Hey, Jim! Thanks so much for the excellent assist on this - much better than
I could have ever answered it!

I thought I'd add a little bit on the other four...

 - raising ddi_msix_alloc_limit to 8

For PCI cards that use up to 8 interrupts, which our 10GBe adapters do. The
previous value of 2 could cause some CPU interrupt bottlenecks. So far, this
has been more of a preventative measure - we haven't seen a case where this
really made any performance impact.

 - raising ip_soft_rings_cnt to 16

This increases the number of kernel threads associated with packet
processing and is specifically meant to reduce the latency in handling
10GBe.
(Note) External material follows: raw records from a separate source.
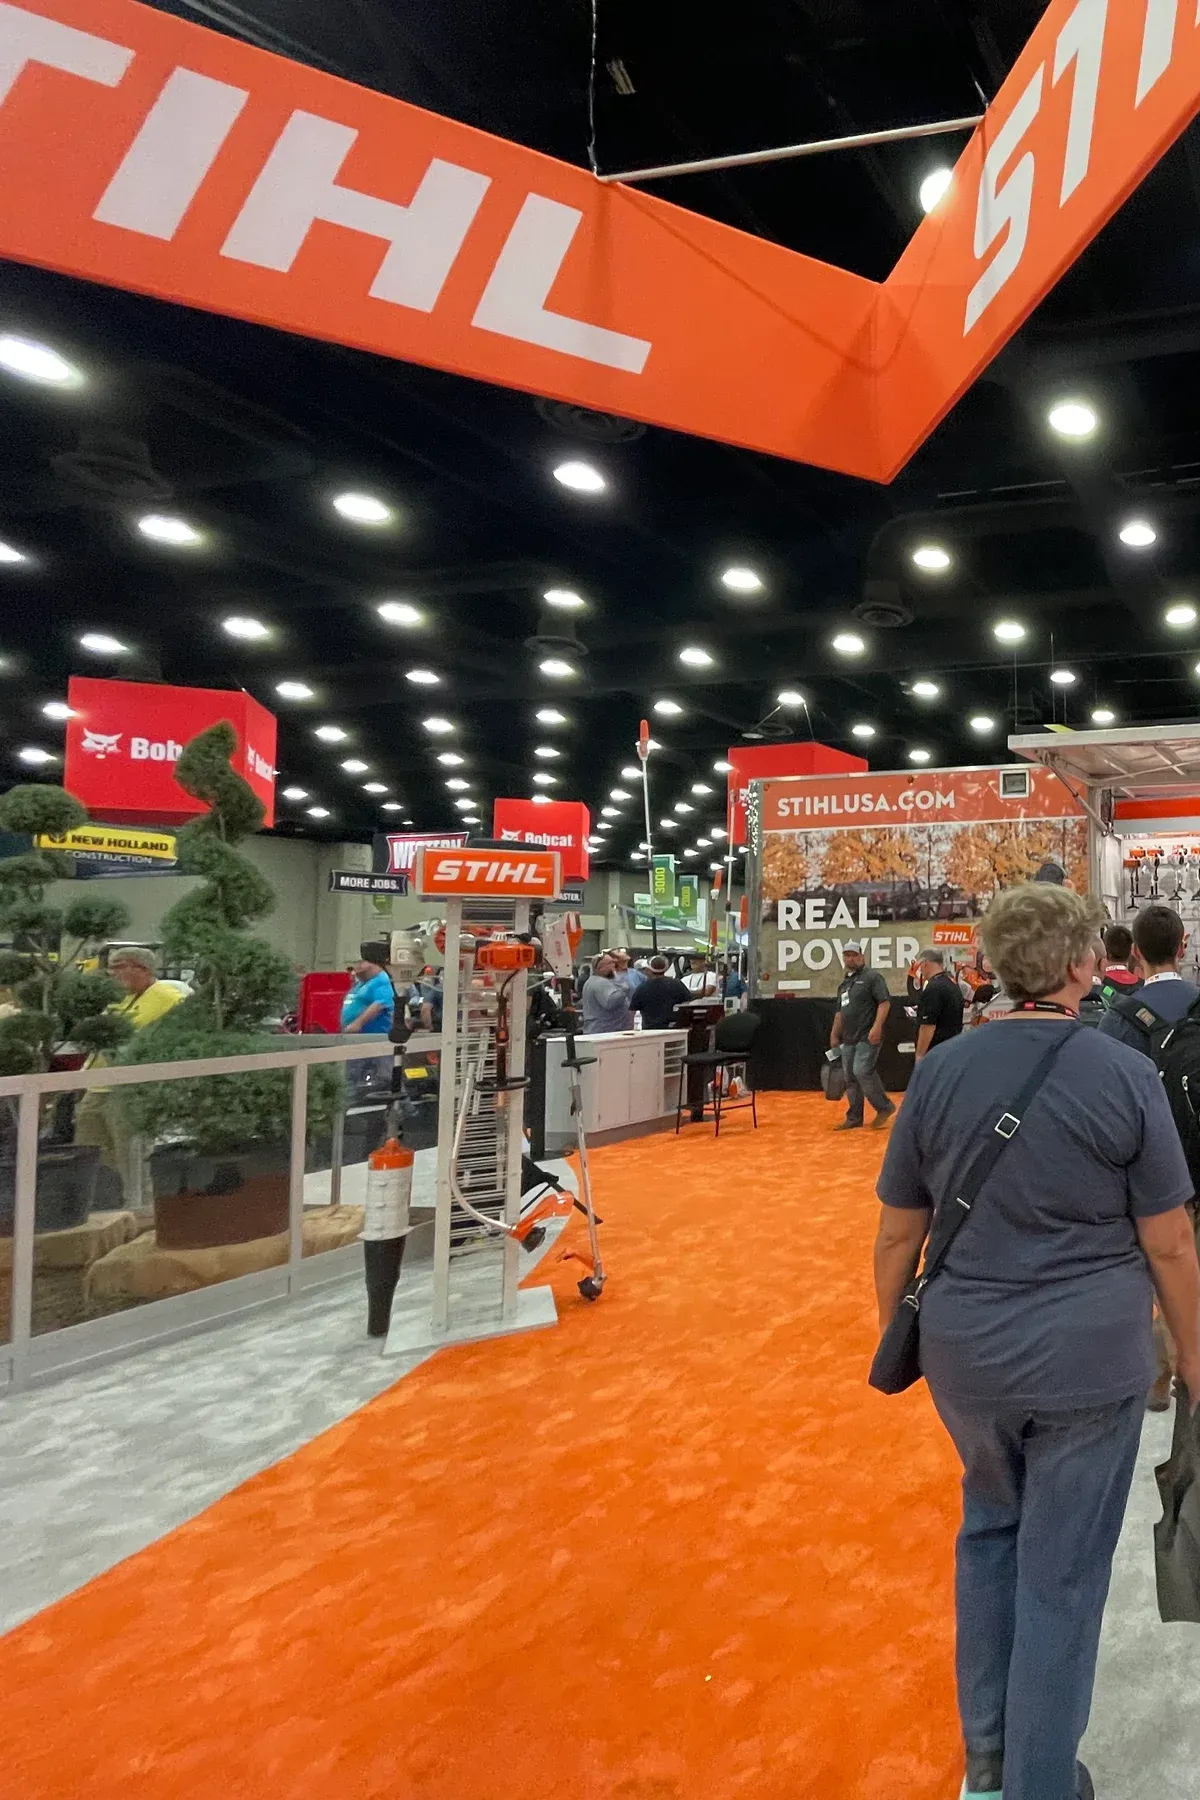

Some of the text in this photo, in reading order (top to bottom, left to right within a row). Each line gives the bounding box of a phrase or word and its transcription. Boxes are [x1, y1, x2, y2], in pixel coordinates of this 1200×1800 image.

[777, 790, 956, 818] STIHLUSA.COM
[71, 834, 169, 851] NEW HOLLAND
[340, 876, 400, 890] MORE JOBS.
[432, 859, 547, 884] STIHL
[655, 867, 666, 894] 3000
[777, 896, 880, 931] REAL
[933, 930, 971, 943] STIHL
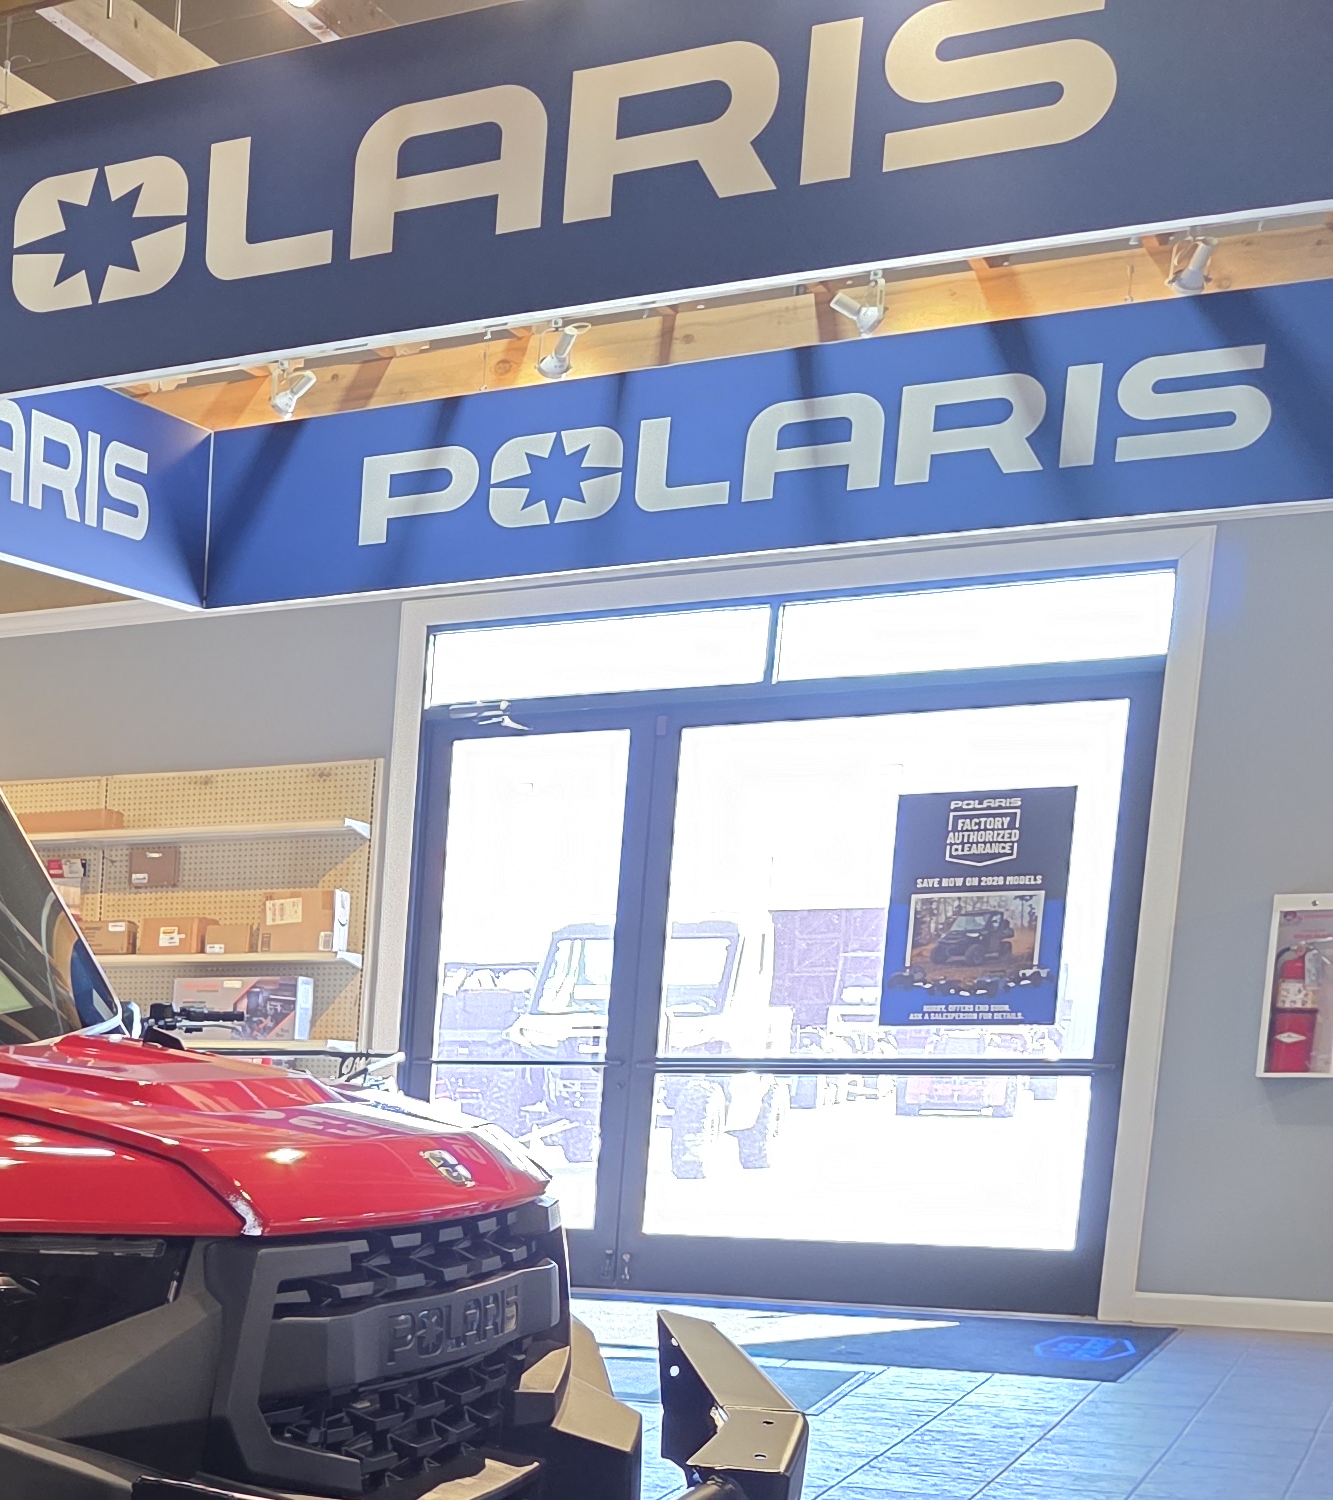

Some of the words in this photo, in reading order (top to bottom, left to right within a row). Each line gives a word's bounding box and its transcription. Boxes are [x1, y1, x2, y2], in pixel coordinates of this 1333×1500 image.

[357, 343, 1272, 547] POLARIS
[949, 797, 1022, 809] POLARIS
[957, 816, 1011, 830] FACTORY
[946, 829, 1020, 843] AUTHORIZED
[951, 843, 1012, 856] CLEARANCE
[916, 878, 940, 888] SAVE
[942, 877, 964, 887] NOW
[965, 877, 979, 886] ON
[1006, 875, 1042, 885] MODELS
[387, 1284, 521, 1366] POLARIS
This showed a small performance improvement.

 - raising tcp_deferred_acks_max to 16

This reduces the number of ACK packets sent, thus reducing the overall TCP
overhead. This showed a small performance improvement.

 - raising tcp_local_dacks_max to 16

This also slows down ACK packets and showed a tiny performance improvement.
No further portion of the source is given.